Former U.S. Staff Sergeant and convicted criminal for murder

Johnny Mclnerny Horne Jr. is a former Staff Sergeant in the U.S. Army convicted, along with Cardenas J. Alban, for the murder of Qassim Hassan, a sixteen-year-old Iraqi. At the time of the killing Horne was a member of Company C, 1st Battalion, 41st Infantry Regiment, based in Fort Riley, Kansas. He pleaded guilty to one count of unpremeditated murder and one count of conspiracy to commit murder and received three years of confinement, reduction in rank to Private, forfeiture of all wages and a dishonorable discharge. Horne was confined at the Northwest Joint Regional Correctional Facility on Fort Lewis and was released in September 2005 after having his sentence reduced to one year by, then, Maj. Gen. Peter W. Chiarelli.

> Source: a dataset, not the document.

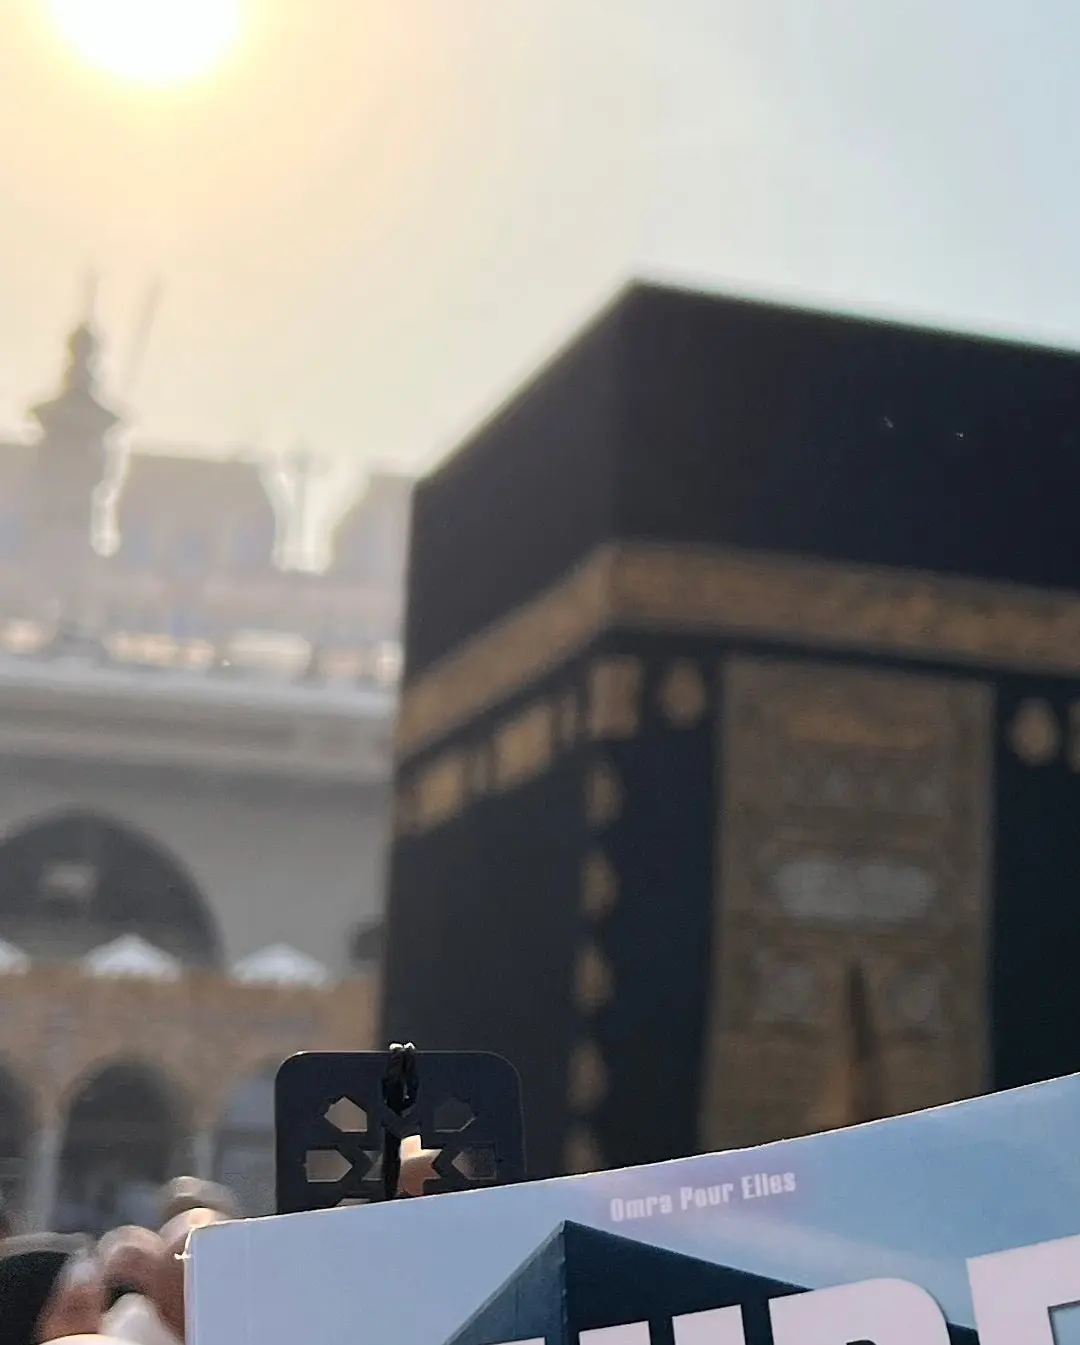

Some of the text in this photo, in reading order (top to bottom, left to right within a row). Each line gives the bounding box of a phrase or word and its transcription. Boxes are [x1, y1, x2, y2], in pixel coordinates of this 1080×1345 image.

In August 2004, U.S. forces opened fire on a group of men along a road in Al Sadr City in Baghdad. Troops from the 1st Battalion arrived on the scene to find a burning truck and casualties around it. Witnesses said that the Iraqi teen already had severe abdominal wounds and burns before the shooting. Horne claimed that he carried out a "mercy killing".

Since his release Horne has spoken out in defense of a group of US military personnel convicted of war crimes colloquially known as the "Leavenworth 10."